→ Data in this exercise:
= Beginning of Section =
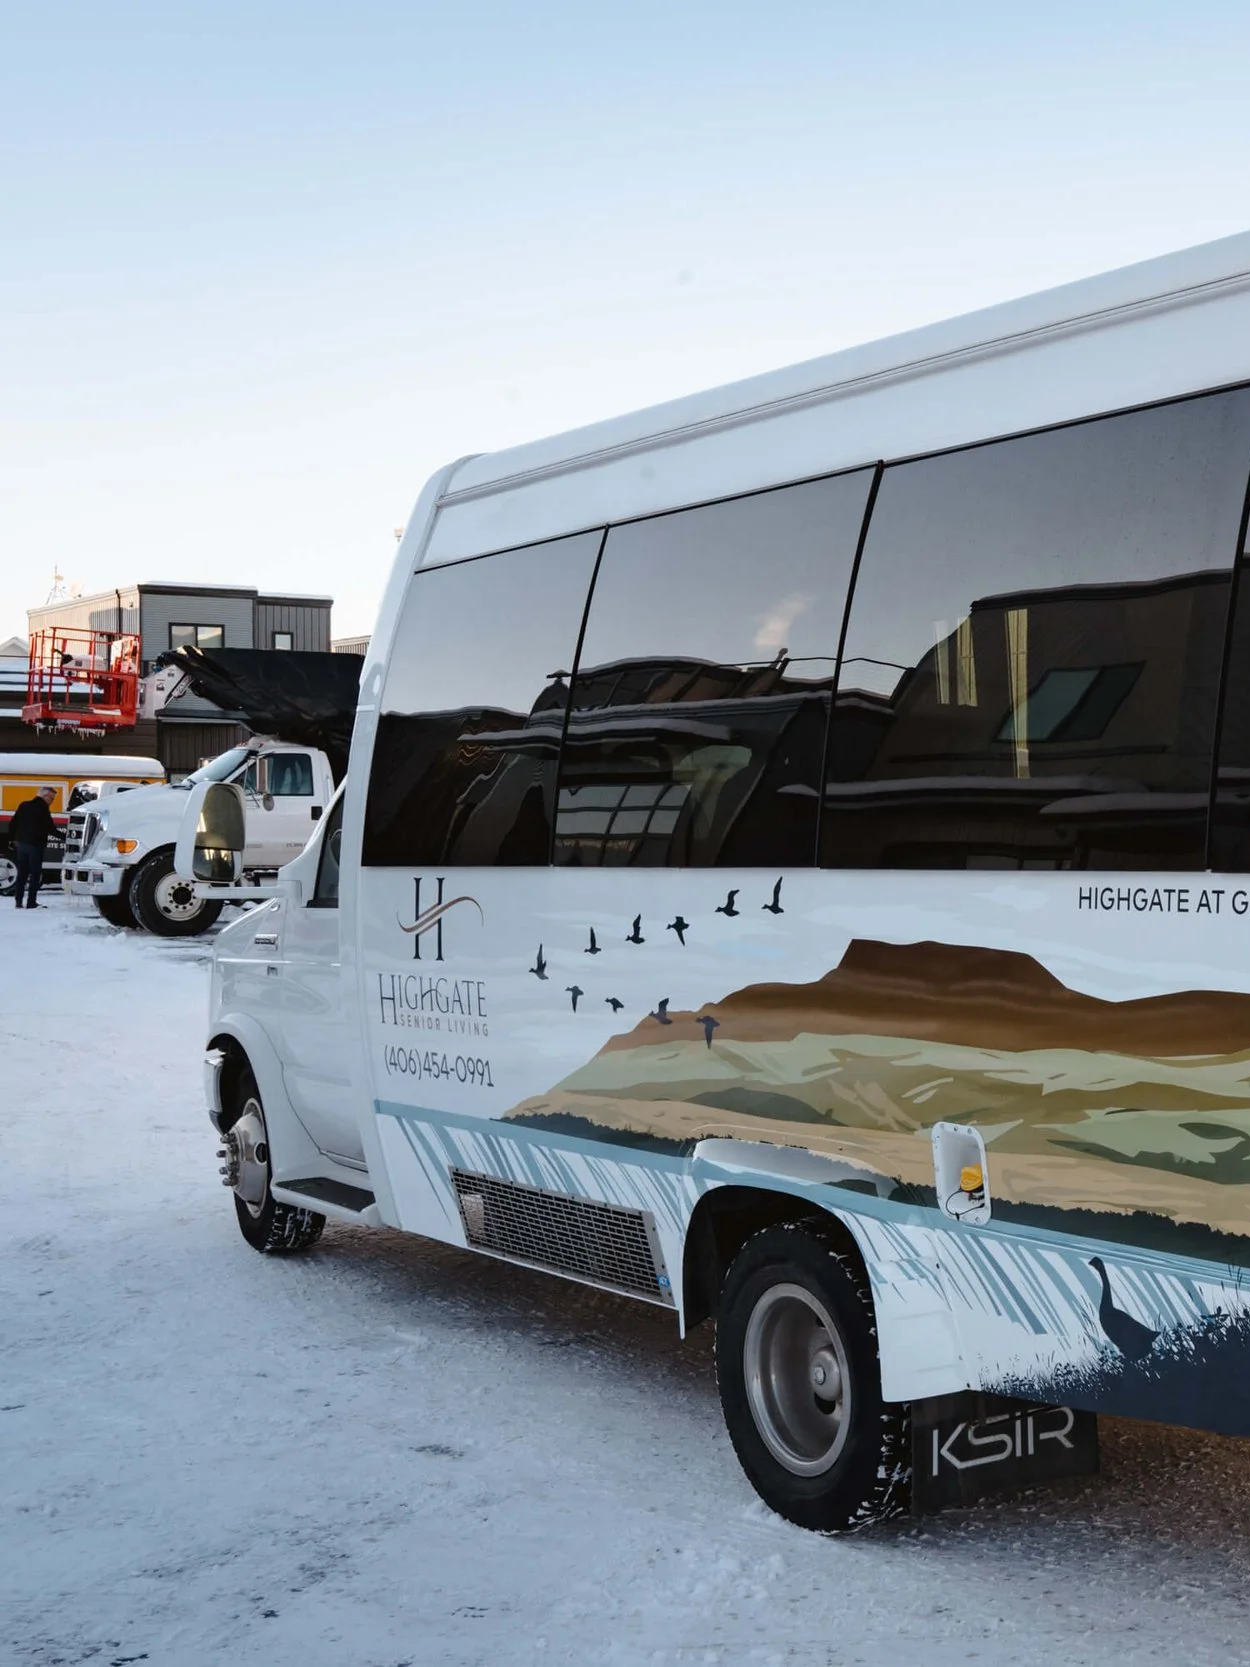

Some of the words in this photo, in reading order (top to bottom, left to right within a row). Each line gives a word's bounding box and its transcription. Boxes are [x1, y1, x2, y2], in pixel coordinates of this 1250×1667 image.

[1078, 886, 1190, 913] HIGHGATE
[1196, 889, 1225, 914] AT
[378, 973, 487, 1025] HIGHGATE
[400, 1014, 441, 1031] SENIOR
[448, 1019, 489, 1037] LIVING
[384, 1045, 494, 1087] (406)454-0991
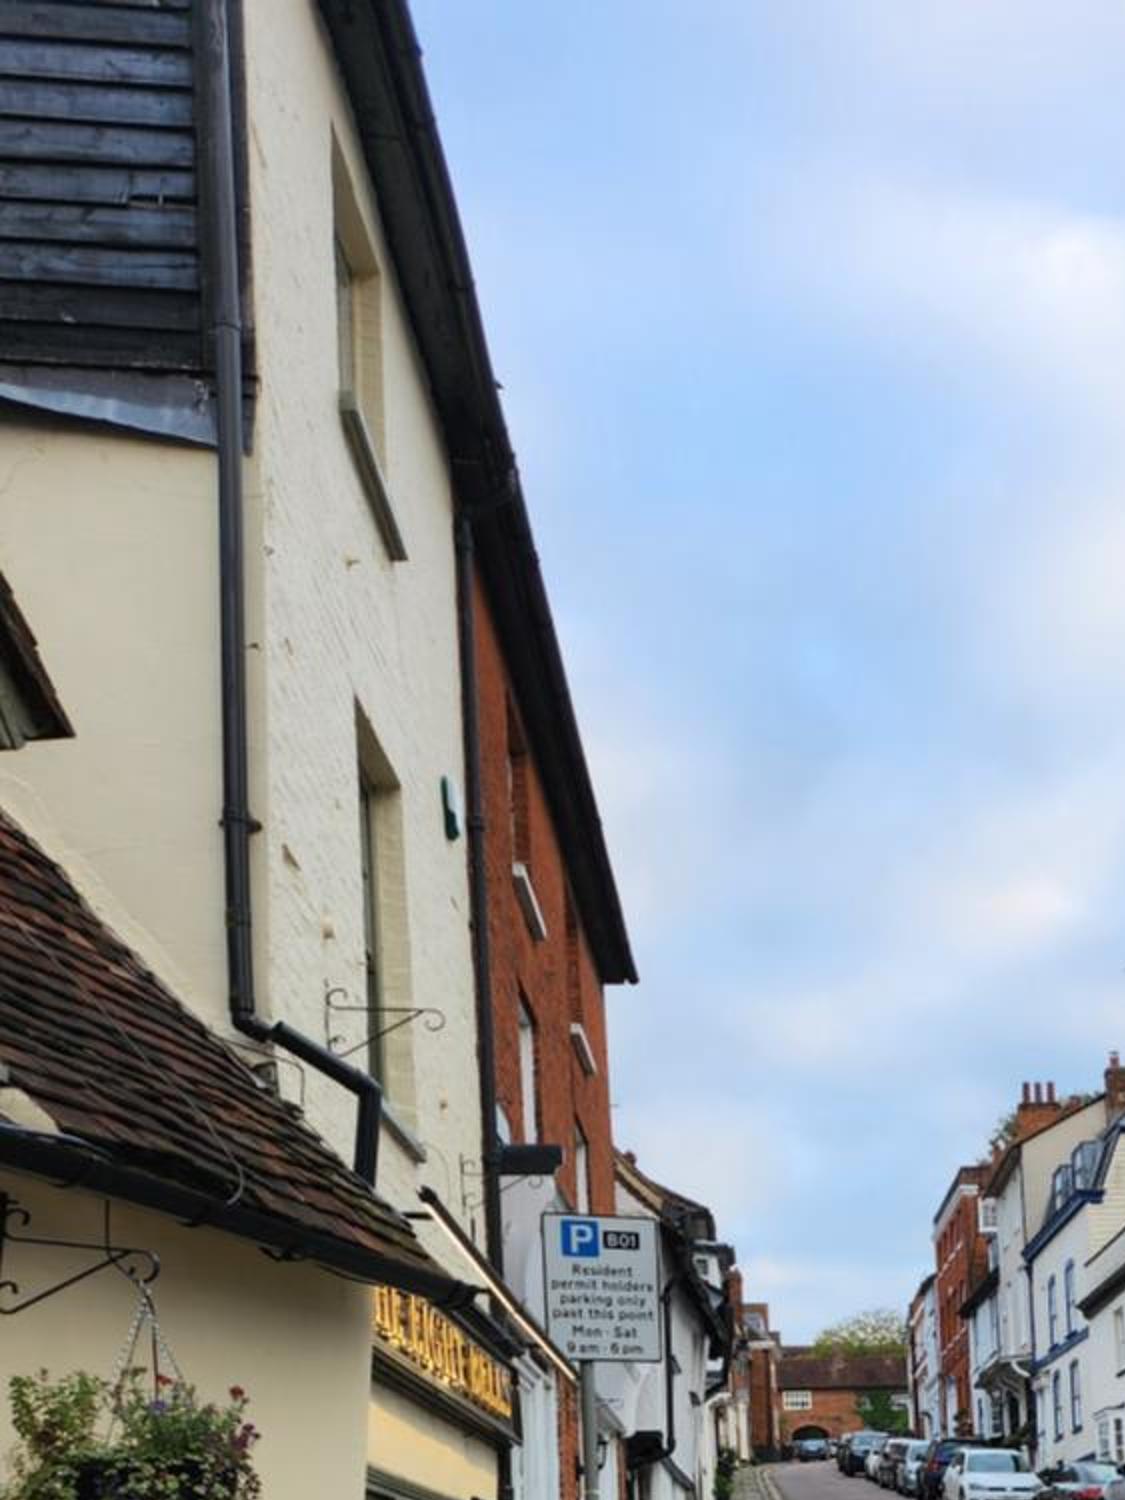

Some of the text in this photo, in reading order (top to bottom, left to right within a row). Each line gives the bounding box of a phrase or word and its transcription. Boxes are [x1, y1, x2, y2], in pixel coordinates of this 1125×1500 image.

[569, 1224, 593, 1253] P
[606, 1233, 638, 1248] B01
[572, 1264, 633, 1277] Resident
[551, 1279, 654, 1292] permit holders
[560, 1293, 647, 1308] parking only
[552, 1309, 653, 1323] past this point
[572, 1325, 602, 1338] Mon
[613, 1326, 637, 1339] Sat
[567, 1342, 576, 1353] 9
[579, 1344, 600, 1353] am
[610, 1343, 620, 1354] 6
[622, 1344, 643, 1356] pm
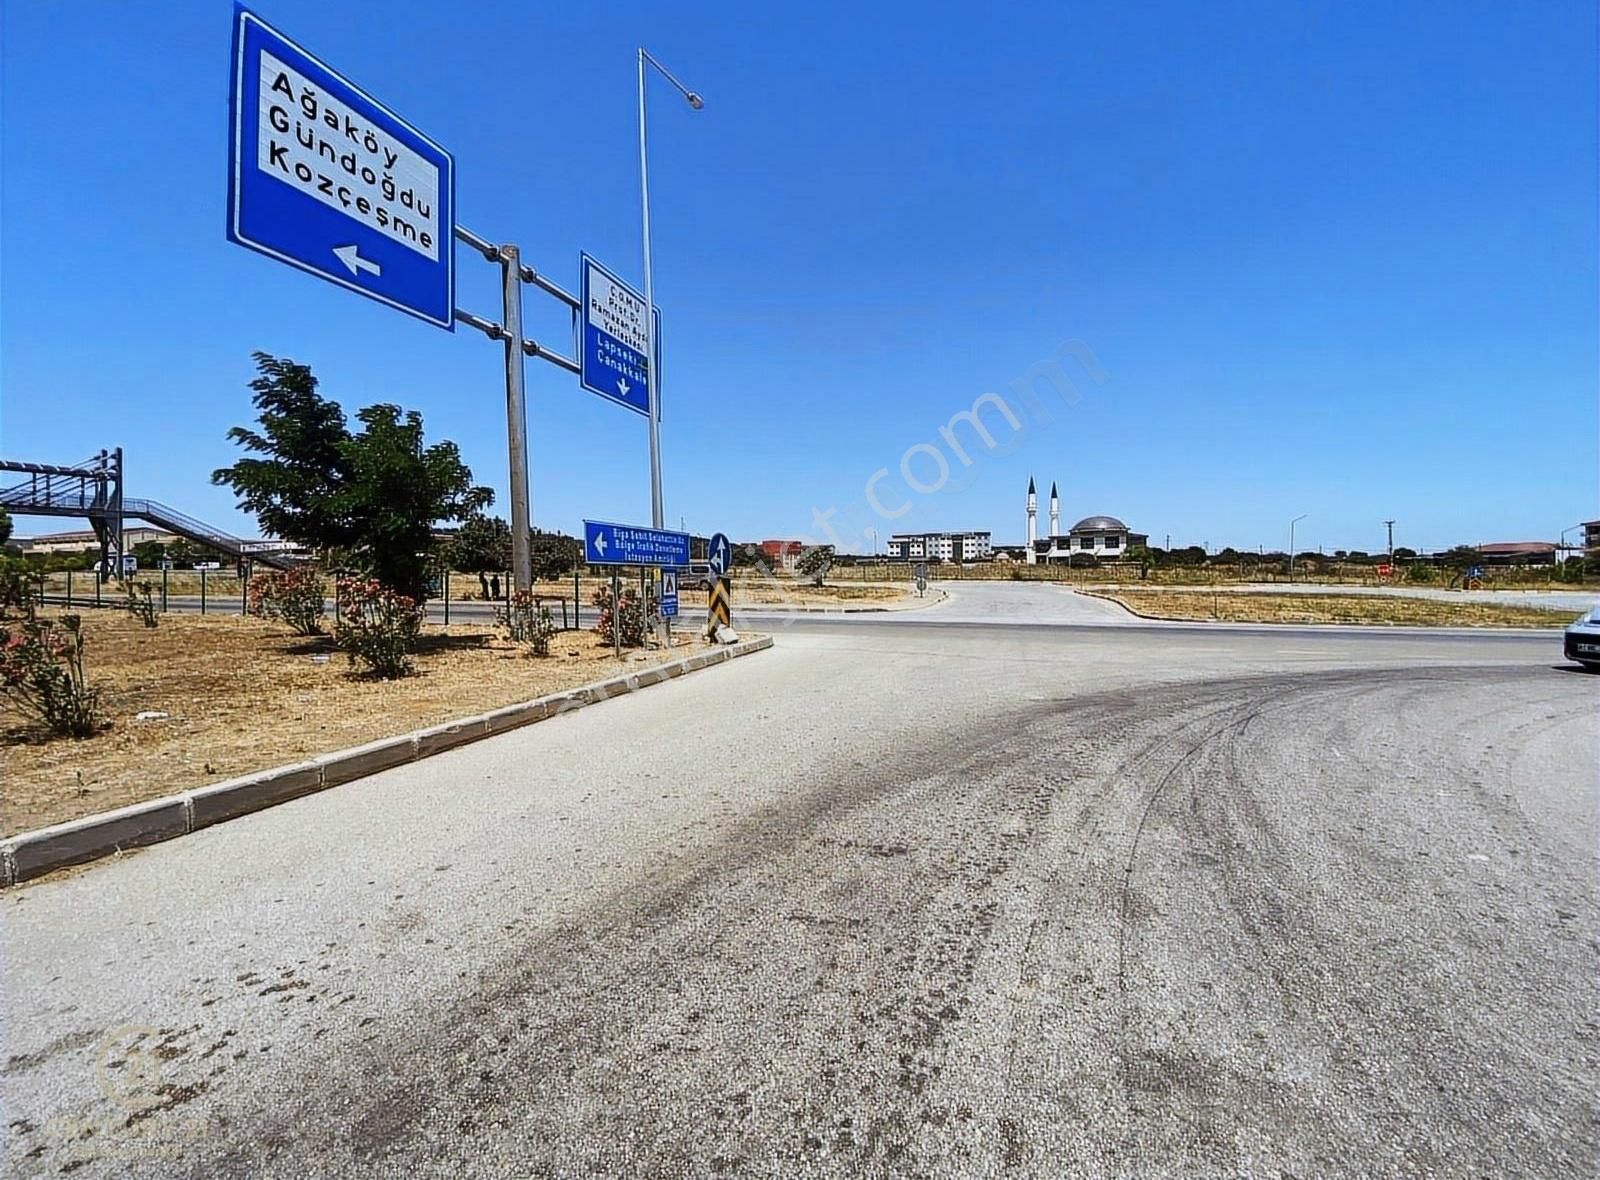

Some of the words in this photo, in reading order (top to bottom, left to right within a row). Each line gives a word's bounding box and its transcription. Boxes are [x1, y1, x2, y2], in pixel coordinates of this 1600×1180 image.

[269, 105, 431, 219] Gündoğdu
[272, 72, 398, 169] Ağaköy
[269, 140, 432, 248] Kozçeşme
[597, 332, 637, 366] Lapseki
[597, 349, 647, 386] Çanakkale
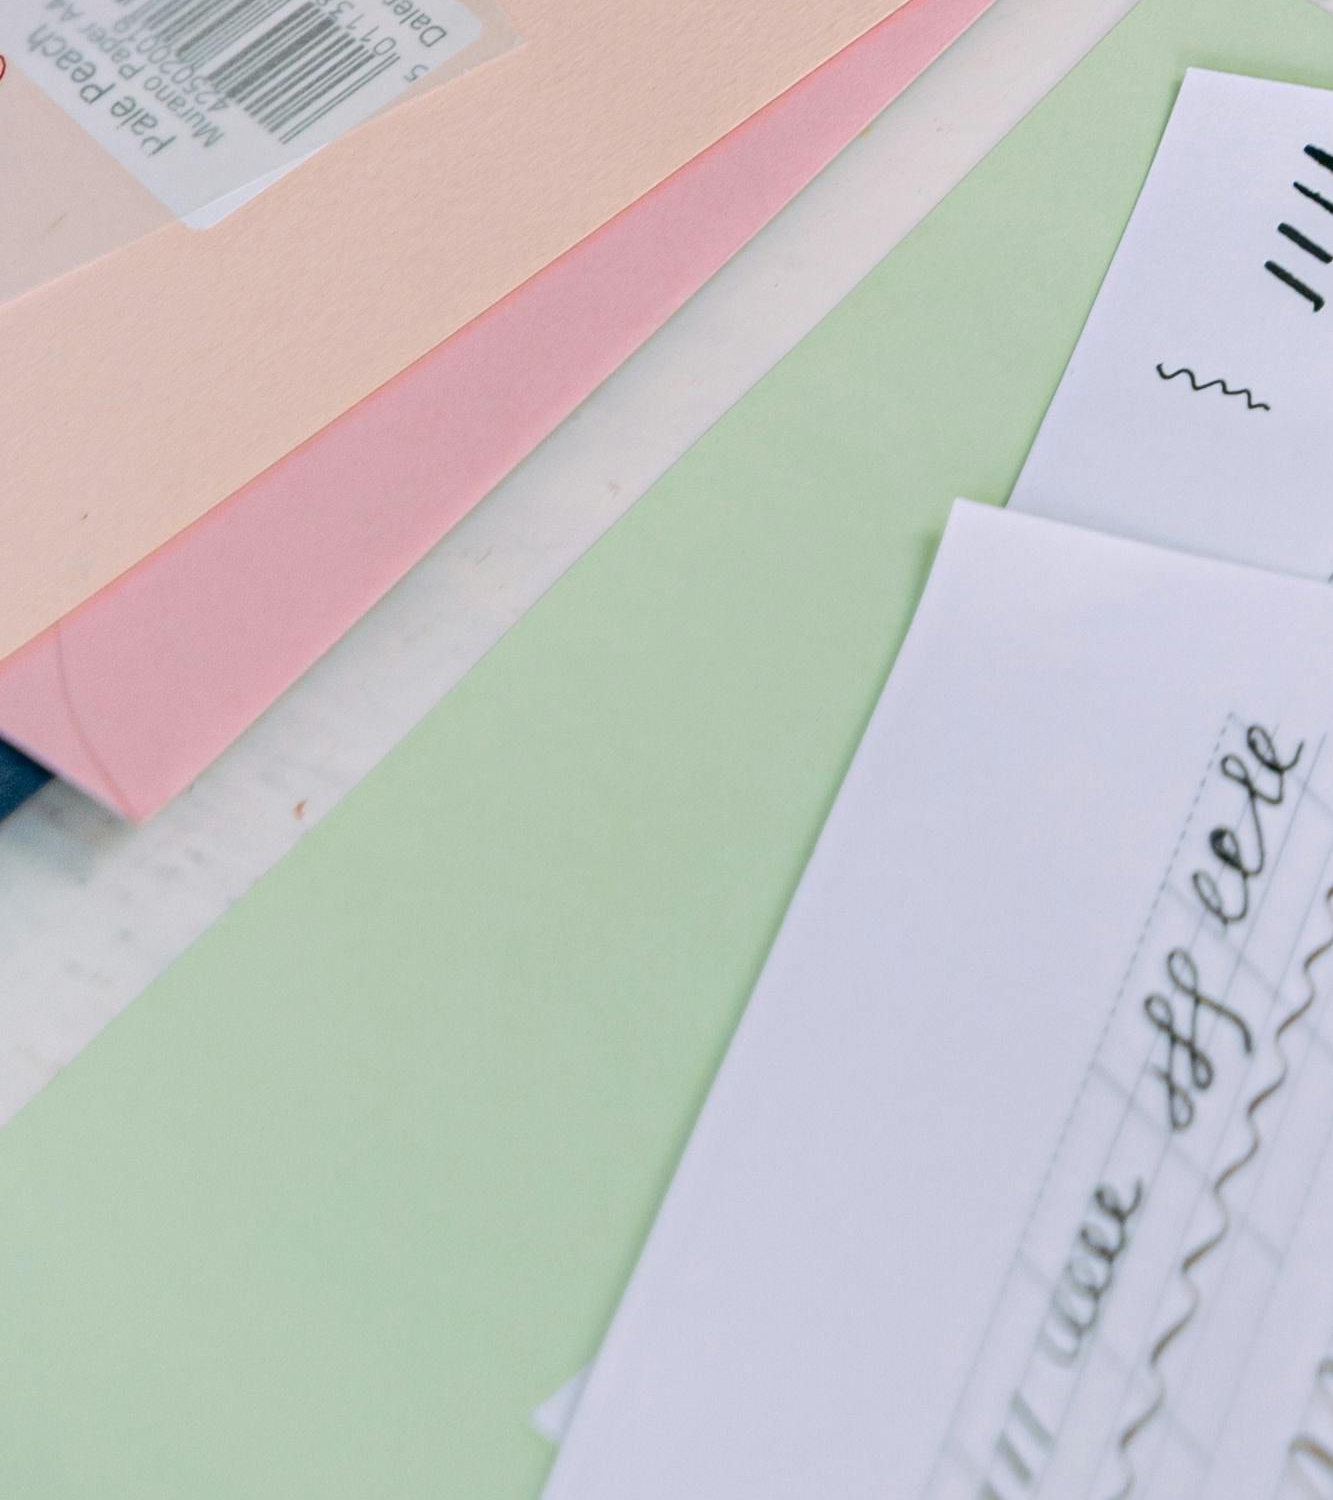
= End of Section =
→ Task requirements:
Keep every word of the material exactly as given. Drop the pictures.

→ Output of the task:
Some of the words in this photo, in reading order (top to bottom, left to right within a row). Each line gives a word's bounding box and its transcription. Boxes are [x1, y1, x2, y2], in pixel coordinates of this 1250×1667 image.

[1078, 886, 1190, 913] HIGHGATE
[1196, 889, 1225, 914] AT
[378, 973, 487, 1025] HIGHGATE
[400, 1014, 441, 1031] SENIOR
[448, 1019, 489, 1037] LIVING
[384, 1045, 494, 1087] (406)454-0991

Some of the text in this photo, in reading order (top to bottom, left to right within a row). Each line gives the bounding box of a phrase or word and its transcription. Boxes are [x1, y1, x2, y2], in pixel coordinates of this 1125×1500 image.

[569, 1224, 593, 1253] P
[606, 1233, 638, 1248] B01
[572, 1264, 633, 1277] Resident
[551, 1279, 654, 1292] permit holders
[560, 1293, 647, 1308] parking only
[552, 1309, 653, 1323] past this point
[572, 1325, 602, 1338] Mon
[613, 1326, 637, 1339] Sat
[567, 1342, 576, 1353] 9
[579, 1344, 600, 1353] am
[610, 1343, 620, 1354] 6
[622, 1344, 643, 1356] pm

Some of the words in this photo, in reading order (top to bottom, left to right within a row). Each line gives a word's bounding box and its transcription. Boxes are [x1, y1, x2, y2], in pixel coordinates of this 1600×1180 image.

[269, 105, 431, 219] Gündoğdu
[272, 72, 398, 169] Ağaköy
[269, 140, 432, 248] Kozçeşme
[597, 332, 637, 366] Lapseki
[597, 349, 647, 386] Çanakkale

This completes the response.